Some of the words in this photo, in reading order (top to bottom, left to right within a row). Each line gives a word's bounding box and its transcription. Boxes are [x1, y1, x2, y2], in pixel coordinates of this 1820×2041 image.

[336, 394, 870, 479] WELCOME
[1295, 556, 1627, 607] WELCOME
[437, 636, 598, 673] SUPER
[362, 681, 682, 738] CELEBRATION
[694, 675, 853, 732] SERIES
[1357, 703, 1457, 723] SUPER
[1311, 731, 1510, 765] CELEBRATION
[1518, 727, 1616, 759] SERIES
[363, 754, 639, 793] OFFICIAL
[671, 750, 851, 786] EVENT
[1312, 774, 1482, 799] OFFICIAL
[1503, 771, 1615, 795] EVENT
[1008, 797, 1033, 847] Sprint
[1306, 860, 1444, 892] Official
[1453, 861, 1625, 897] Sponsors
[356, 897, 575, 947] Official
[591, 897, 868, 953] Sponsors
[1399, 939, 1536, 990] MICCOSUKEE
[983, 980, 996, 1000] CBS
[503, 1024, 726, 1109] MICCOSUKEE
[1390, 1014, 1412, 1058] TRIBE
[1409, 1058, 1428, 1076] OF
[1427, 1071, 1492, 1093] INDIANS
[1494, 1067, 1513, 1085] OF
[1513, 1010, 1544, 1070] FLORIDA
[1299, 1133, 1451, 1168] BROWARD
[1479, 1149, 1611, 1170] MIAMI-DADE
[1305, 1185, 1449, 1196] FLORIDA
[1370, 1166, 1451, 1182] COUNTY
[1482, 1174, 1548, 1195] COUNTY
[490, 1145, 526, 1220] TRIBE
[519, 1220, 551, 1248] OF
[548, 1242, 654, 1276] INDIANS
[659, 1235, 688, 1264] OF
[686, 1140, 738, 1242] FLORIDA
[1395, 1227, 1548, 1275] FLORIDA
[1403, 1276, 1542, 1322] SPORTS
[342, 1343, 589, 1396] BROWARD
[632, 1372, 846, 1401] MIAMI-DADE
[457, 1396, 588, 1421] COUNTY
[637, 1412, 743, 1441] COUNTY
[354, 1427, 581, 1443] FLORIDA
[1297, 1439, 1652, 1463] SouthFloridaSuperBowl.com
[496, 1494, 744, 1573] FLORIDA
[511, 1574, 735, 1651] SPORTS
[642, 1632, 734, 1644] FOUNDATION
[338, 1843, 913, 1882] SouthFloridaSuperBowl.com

Description of the task:
Word for word, copy out all the data given above.

Answer section:
Some of the words in this photo, in reading order (top to bottom, left to right within a row). Each line gives a word's bounding box and its transcription. Boxes are [x1, y1, x2, y2], in pixel coordinates of this 1820×2041 image.

[336, 394, 870, 479] WELCOME
[1295, 556, 1627, 607] WELCOME
[437, 636, 598, 673] SUPER
[362, 681, 682, 738] CELEBRATION
[694, 675, 853, 732] SERIES
[1357, 703, 1457, 723] SUPER
[1311, 731, 1510, 765] CELEBRATION
[1518, 727, 1616, 759] SERIES
[363, 754, 639, 793] OFFICIAL
[671, 750, 851, 786] EVENT
[1312, 774, 1482, 799] OFFICIAL
[1503, 771, 1615, 795] EVENT
[1008, 797, 1033, 847] Sprint
[1306, 860, 1444, 892] Official
[1453, 861, 1625, 897] Sponsors
[356, 897, 575, 947] Official
[591, 897, 868, 953] Sponsors
[1399, 939, 1536, 990] MICCOSUKEE
[983, 980, 996, 1000] CBS
[503, 1024, 726, 1109] MICCOSUKEE
[1390, 1014, 1412, 1058] TRIBE
[1409, 1058, 1428, 1076] OF
[1427, 1071, 1492, 1093] INDIANS
[1494, 1067, 1513, 1085] OF
[1513, 1010, 1544, 1070] FLORIDA
[1299, 1133, 1451, 1168] BROWARD
[1479, 1149, 1611, 1170] MIAMI-DADE
[1305, 1185, 1449, 1196] FLORIDA
[1370, 1166, 1451, 1182] COUNTY
[1482, 1174, 1548, 1195] COUNTY
[490, 1145, 526, 1220] TRIBE
[519, 1220, 551, 1248] OF
[548, 1242, 654, 1276] INDIANS
[659, 1235, 688, 1264] OF
[686, 1140, 738, 1242] FLORIDA
[1395, 1227, 1548, 1275] FLORIDA
[1403, 1276, 1542, 1322] SPORTS
[342, 1343, 589, 1396] BROWARD
[632, 1372, 846, 1401] MIAMI-DADE
[457, 1396, 588, 1421] COUNTY
[637, 1412, 743, 1441] COUNTY
[354, 1427, 581, 1443] FLORIDA
[1297, 1439, 1652, 1463] SouthFloridaSuperBowl.com
[496, 1494, 744, 1573] FLORIDA
[511, 1574, 735, 1651] SPORTS
[642, 1632, 734, 1644] FOUNDATION
[338, 1843, 913, 1882] SouthFloridaSuperBowl.com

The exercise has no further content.